***** TASK MATERIAL
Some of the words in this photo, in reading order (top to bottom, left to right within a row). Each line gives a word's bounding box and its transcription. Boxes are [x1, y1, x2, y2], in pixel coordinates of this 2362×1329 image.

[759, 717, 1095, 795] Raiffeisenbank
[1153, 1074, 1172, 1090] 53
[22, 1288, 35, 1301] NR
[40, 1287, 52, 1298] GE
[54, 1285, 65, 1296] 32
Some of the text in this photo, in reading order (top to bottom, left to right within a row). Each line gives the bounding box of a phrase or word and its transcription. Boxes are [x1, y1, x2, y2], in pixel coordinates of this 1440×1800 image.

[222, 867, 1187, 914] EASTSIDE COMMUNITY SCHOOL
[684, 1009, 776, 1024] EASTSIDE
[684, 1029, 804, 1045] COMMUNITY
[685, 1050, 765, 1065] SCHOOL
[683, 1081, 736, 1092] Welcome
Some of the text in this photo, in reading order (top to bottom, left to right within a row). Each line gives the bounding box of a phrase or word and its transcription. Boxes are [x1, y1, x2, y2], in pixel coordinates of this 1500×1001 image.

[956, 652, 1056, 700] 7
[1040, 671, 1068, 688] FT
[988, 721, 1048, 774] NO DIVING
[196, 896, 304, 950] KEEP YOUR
**********
Using the exact wording, transcribe all the records above.

Some of the words in this photo, in reading order (top to bottom, left to right within a row). Each line gives a word's bounding box and its transcription. Boxes are [x1, y1, x2, y2], in pixel coordinates of this 2362×1329 image.

[759, 717, 1095, 795] Raiffeisenbank
[1153, 1074, 1172, 1090] 53
[22, 1288, 35, 1301] NR
[40, 1287, 52, 1298] GE
[54, 1285, 65, 1296] 32
Some of the text in this photo, in reading order (top to bottom, left to right within a row). Each line gives the bounding box of a phrase or word and its transcription. Boxes are [x1, y1, x2, y2], in pixel coordinates of this 1440×1800 image.

[222, 867, 1187, 914] EASTSIDE COMMUNITY SCHOOL
[684, 1009, 776, 1024] EASTSIDE
[684, 1029, 804, 1045] COMMUNITY
[685, 1050, 765, 1065] SCHOOL
[683, 1081, 736, 1092] Welcome
Some of the text in this photo, in reading order (top to bottom, left to right within a row). Each line gives the bounding box of a phrase or word and its transcription. Boxes are [x1, y1, x2, y2], in pixel coordinates of this 1500×1001 image.

[956, 652, 1056, 700] 7
[1040, 671, 1068, 688] FT
[988, 721, 1048, 774] NO DIVING
[196, 896, 304, 950] KEEP YOUR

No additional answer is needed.